Conformational Adaptability and Thermostability in α/β-Peptide Fibrils Induced by β-Amino Acid Substitution

The self-assembly of peptides into amyloid fibrils enables the design of functional biomaterials, yet the conformational constraints of α-peptides limit the attainable supramolecular diversity. Here, we introduce β-amino acids, β-phenylalanine (β-Phe), and β-homophenylalanine (β-hPhe) into the reversible fibril-forming core sequence hnRAC1 to generate α/β-peptide variants with distinct architectures and enhanced thermal stability. Cryo-EM reveals that β-modified peptides assemble into polymorphic fibrils with cross-β structures that differ markedly from each other and from native hnRAC1. Comparative structural analysis indicates that backbone extension by β-residues increases subunit conformational heterogeneity, enabling tighter packing and formation of more thermostable fibrils.
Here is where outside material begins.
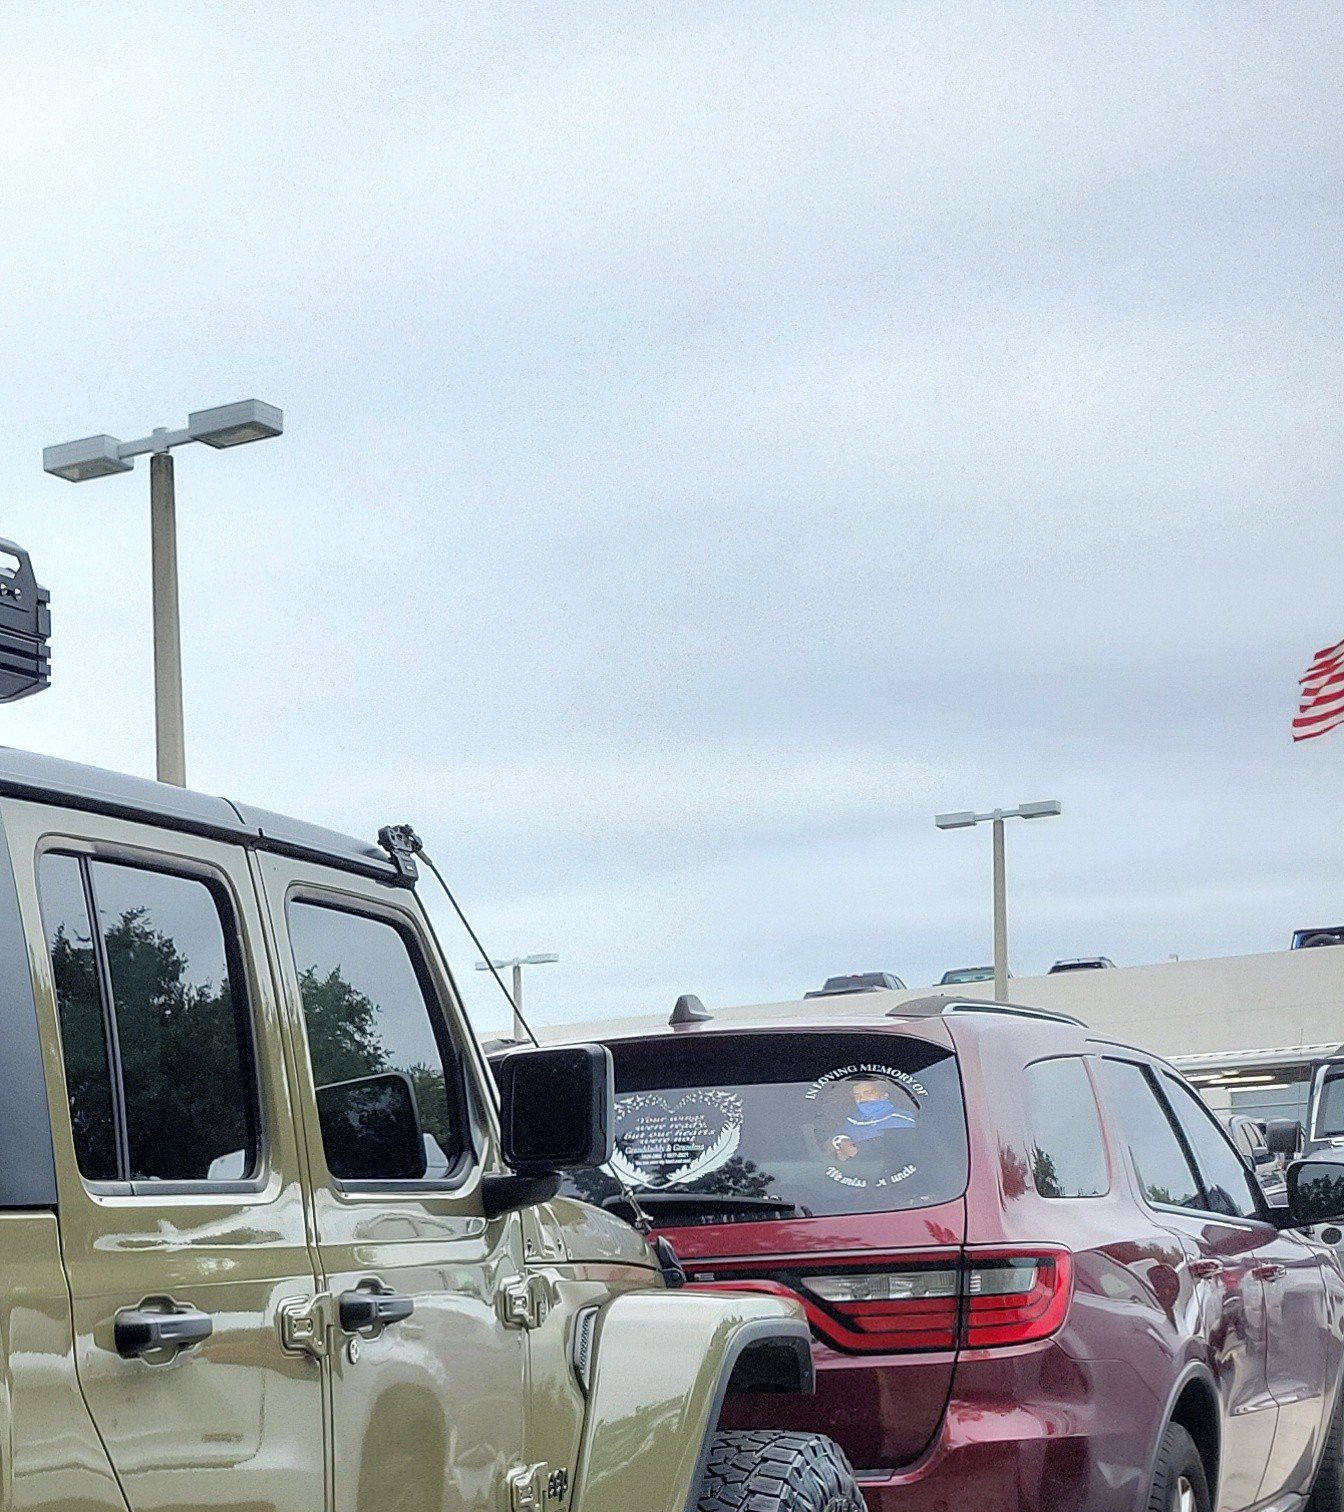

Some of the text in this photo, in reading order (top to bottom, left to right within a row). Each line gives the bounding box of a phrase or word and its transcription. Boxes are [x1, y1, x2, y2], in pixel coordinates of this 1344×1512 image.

[805, 1089, 819, 1100] IN
[815, 1064, 858, 1092] LOVING
[859, 1063, 917, 1086] MEMORY
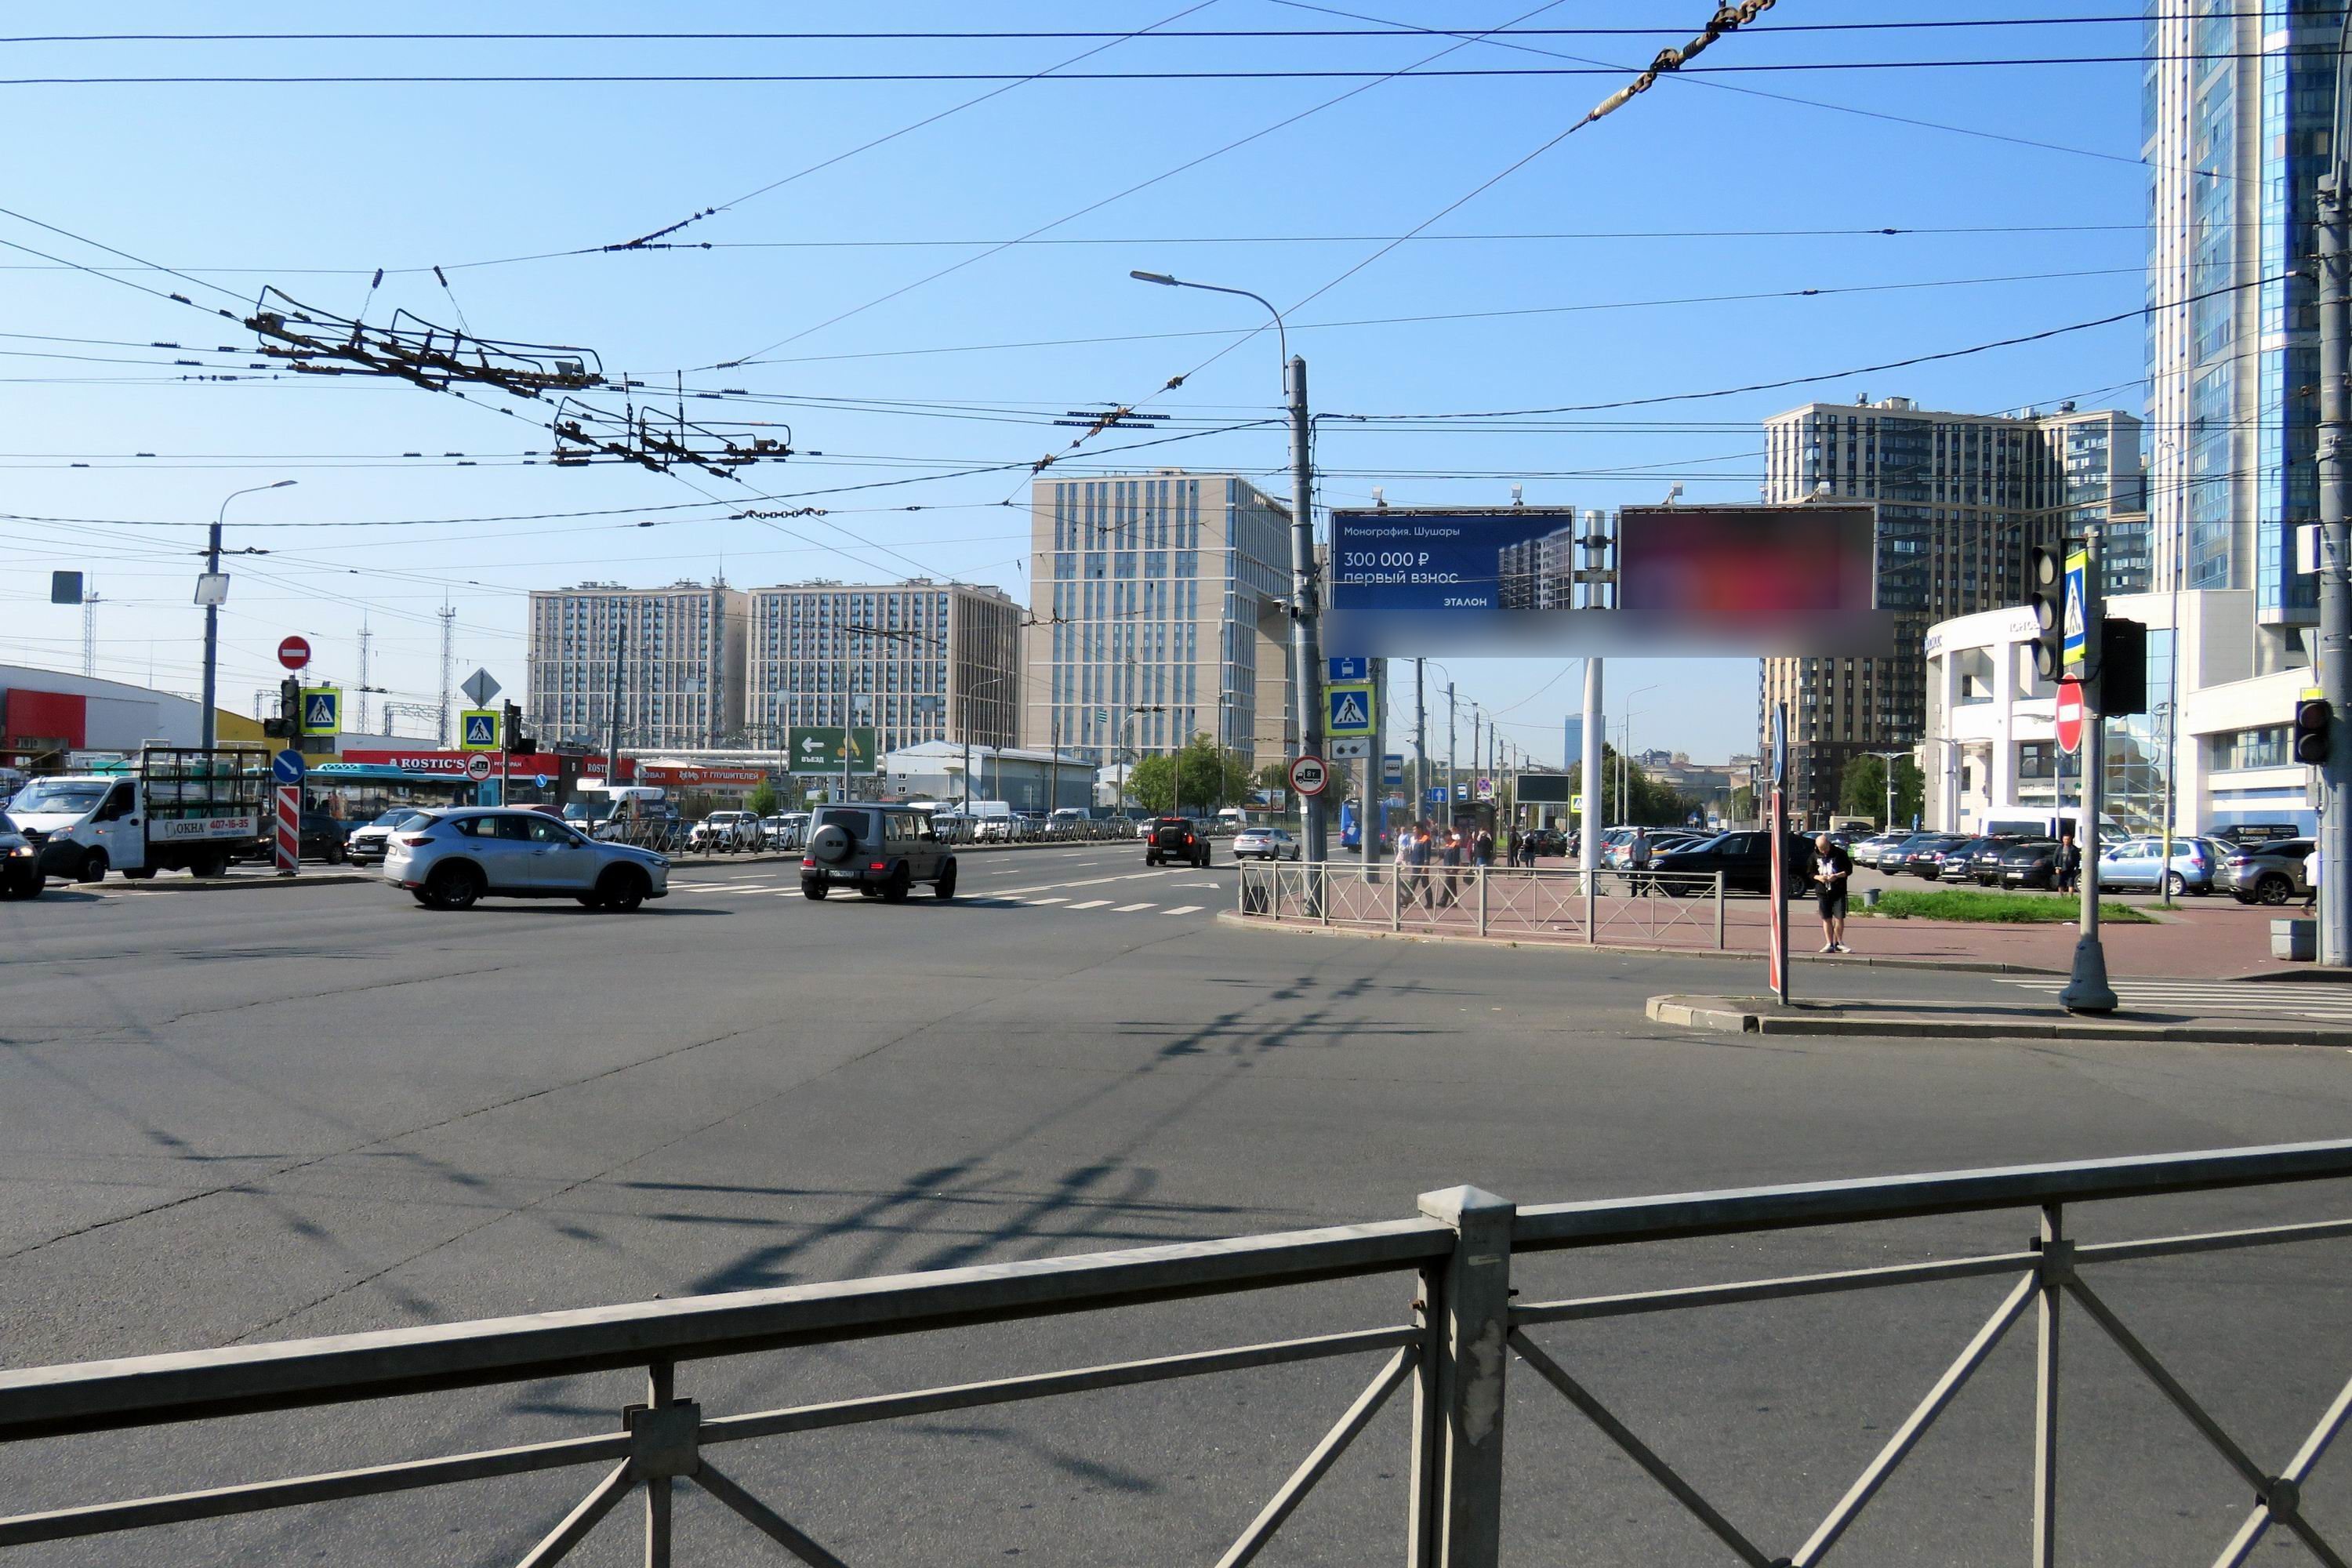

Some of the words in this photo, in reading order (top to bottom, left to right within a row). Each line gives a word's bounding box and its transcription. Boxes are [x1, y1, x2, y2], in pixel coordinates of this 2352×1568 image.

Examination of intra- and intermolecular contacts shows that enhanced π–π stacking, hydrophobic interactions, hydrogen bonds, and electrostatic interactions likely contribute to fibril stabilization. These results show that minimal backbone modifications can remodel amyloid architecture, offering a generalizable strategy for designing structurally diverse and robust peptide-based biomaterials.